Photo: StarMama/Flickr

Airing this weekend and into next week on PBS is a Thanksgiving-themed documentary that will captivate viewers from all walks of life. All you need in order to appreciate the ‘stuff’ of Carole Murko’s Heirloom Meals’ Thanksgiving is the capacity to equate food with love and self-identity. Chances are, if you’re reading this blog already, you fit into that category.

Carole Murko is a food blogger and host of the weekly radio program Heirloom Meals, which broadcasts out of a teeny-tiny NPR affiliate in Sharon, CT, called RobinHood Radio. Contradicting its modest quarters, however, is the show’s underlying premise: food is ‘the great connector’ binding past to present, threading across and through diverse culinary traditions.

Murko conceived the Heirloom Meals’ Thanksgiving documentary with support from Gerry LaFlamme of Pete and Gerry’s Organics LLC , whose multi-generational family farm in New Hampshire produces organic eggs and coordinates a successful, growing network of similar-minded, family-owned farms. Murko and her small production crew turned around the project unbelievably fast, shooting the film in six days — quickly enough for PBS to pick it up in time for the holiday.

This is not a cooking show, mind you. It’s the chronicling and on-the-set demo of numerous Thanksgiving-Day recipes in the context of who originally made them, and why the handful of people Murko chose to interview — ordinary folks like us, not professional chefs — keep on making them each year at this time.

For starters, these dishes taste GOOD. They’re a storied family favorite (we all have these), the kind pulled out once a year, made with great care and eaten with much anticipation. These are the “I can’t wait for [BLANK]!!” recipes.
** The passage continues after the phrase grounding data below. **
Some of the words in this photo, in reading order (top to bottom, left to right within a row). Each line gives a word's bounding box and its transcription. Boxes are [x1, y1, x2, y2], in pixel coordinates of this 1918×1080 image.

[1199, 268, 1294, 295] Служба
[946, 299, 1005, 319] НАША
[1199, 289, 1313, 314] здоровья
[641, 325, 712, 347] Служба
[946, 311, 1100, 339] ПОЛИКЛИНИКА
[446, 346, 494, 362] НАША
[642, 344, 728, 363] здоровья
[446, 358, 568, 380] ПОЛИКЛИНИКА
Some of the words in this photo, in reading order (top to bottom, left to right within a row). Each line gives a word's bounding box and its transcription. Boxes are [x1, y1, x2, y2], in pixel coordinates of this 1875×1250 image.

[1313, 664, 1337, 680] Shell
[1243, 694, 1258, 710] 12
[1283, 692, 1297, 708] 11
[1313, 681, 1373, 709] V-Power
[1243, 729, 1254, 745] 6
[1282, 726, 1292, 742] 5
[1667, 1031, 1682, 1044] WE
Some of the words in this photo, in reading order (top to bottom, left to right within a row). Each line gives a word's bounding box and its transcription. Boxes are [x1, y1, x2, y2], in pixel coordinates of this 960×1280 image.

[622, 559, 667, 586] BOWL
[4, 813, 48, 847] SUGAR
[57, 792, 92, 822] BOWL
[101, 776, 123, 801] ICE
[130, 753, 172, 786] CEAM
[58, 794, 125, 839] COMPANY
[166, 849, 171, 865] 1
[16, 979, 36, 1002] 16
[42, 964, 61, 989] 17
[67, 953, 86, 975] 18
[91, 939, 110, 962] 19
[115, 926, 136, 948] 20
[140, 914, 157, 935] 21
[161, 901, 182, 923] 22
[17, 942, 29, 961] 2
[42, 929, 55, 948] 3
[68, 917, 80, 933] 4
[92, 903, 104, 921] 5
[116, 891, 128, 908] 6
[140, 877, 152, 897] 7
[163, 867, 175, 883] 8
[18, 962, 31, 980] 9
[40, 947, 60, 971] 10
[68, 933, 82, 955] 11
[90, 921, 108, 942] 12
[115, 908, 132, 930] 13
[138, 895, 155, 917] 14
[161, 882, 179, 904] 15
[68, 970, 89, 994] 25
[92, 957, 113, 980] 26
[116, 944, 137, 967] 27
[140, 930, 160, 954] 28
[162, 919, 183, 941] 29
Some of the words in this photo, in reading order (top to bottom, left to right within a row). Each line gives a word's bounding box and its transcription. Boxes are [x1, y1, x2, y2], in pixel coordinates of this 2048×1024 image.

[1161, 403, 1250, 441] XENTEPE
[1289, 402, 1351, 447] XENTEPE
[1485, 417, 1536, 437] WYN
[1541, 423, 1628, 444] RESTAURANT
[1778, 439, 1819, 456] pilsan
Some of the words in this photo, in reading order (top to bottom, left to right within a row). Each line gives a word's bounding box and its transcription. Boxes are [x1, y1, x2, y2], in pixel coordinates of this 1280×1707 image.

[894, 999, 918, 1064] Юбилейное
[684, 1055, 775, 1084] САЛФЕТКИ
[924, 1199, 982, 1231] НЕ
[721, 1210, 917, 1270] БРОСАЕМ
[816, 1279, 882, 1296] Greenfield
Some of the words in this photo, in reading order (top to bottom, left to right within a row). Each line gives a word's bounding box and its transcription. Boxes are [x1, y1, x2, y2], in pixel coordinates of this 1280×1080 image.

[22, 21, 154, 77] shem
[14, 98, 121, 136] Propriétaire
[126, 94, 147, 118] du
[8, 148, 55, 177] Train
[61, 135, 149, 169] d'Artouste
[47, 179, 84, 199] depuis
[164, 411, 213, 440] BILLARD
Second, the dishes Murko profiles were handed down. They’re the tangible, edible proof of someone’s desire to nourish. And love. Take, for example, Loring Barnes, a direct descendant of that grand-daddy of pilgrims, William Bradford, who talks with Murko about her aunt’s recipe for Acorn Squash Stuffed with Cranberries (amazing looking). Or, hear the recollections of Ellie Markovitch, a first-generation Brazilian immigrant, whose mom’s cheese bread (“Paeo de Queijo”) graces her own Thanksgiving table each year. Like her mother, Ellie records her best recipes in hand-written notebooks, themselves heirlooms in the making.

Murko walks us through the preparation of an entire, multi-course holiday meal, wine, fine china and desserts included, one personal story at a time. In each instance, recipe and familial memories blend. Tradition, self-identity, nostalgia and nourishment — each equally dear in this equation — form a family ‘heirloom’ brought out annually at Thanksgiving. Murko invites us into these personal stories as much as she asks, “Each one of us has an heirloom recipe: which is yours?”


For local airing times of Heirloom Meals’ Thanksgivingclick here.
For the recipes featured in Heirloom Meals’ Thanksgiving, click here.

I had the opportunity to watch the documentary earlier this week at a public pre-screening sponsored by the Harvard Food Law Society, where Murko was present and spoke.

6 thoughts on “Celebrating An Heirloom Thanksgiving

    1. Sue McCrory Post author

      The links provided here, in PRK’s post, are working. Try again! Both hyperlinks to the recipes featured in Heirloom Meals’ Thanksgiving will take you directly to the recipes (e.g., check the end of the post).

  1. Nan vance

    Loved the show! I would like to get a copy of the book featured on the show on the topic of the corn harvest and it’s connection to Thanksgiving.

    Can you help me? Again loved the show and hope there will be one for Christmas.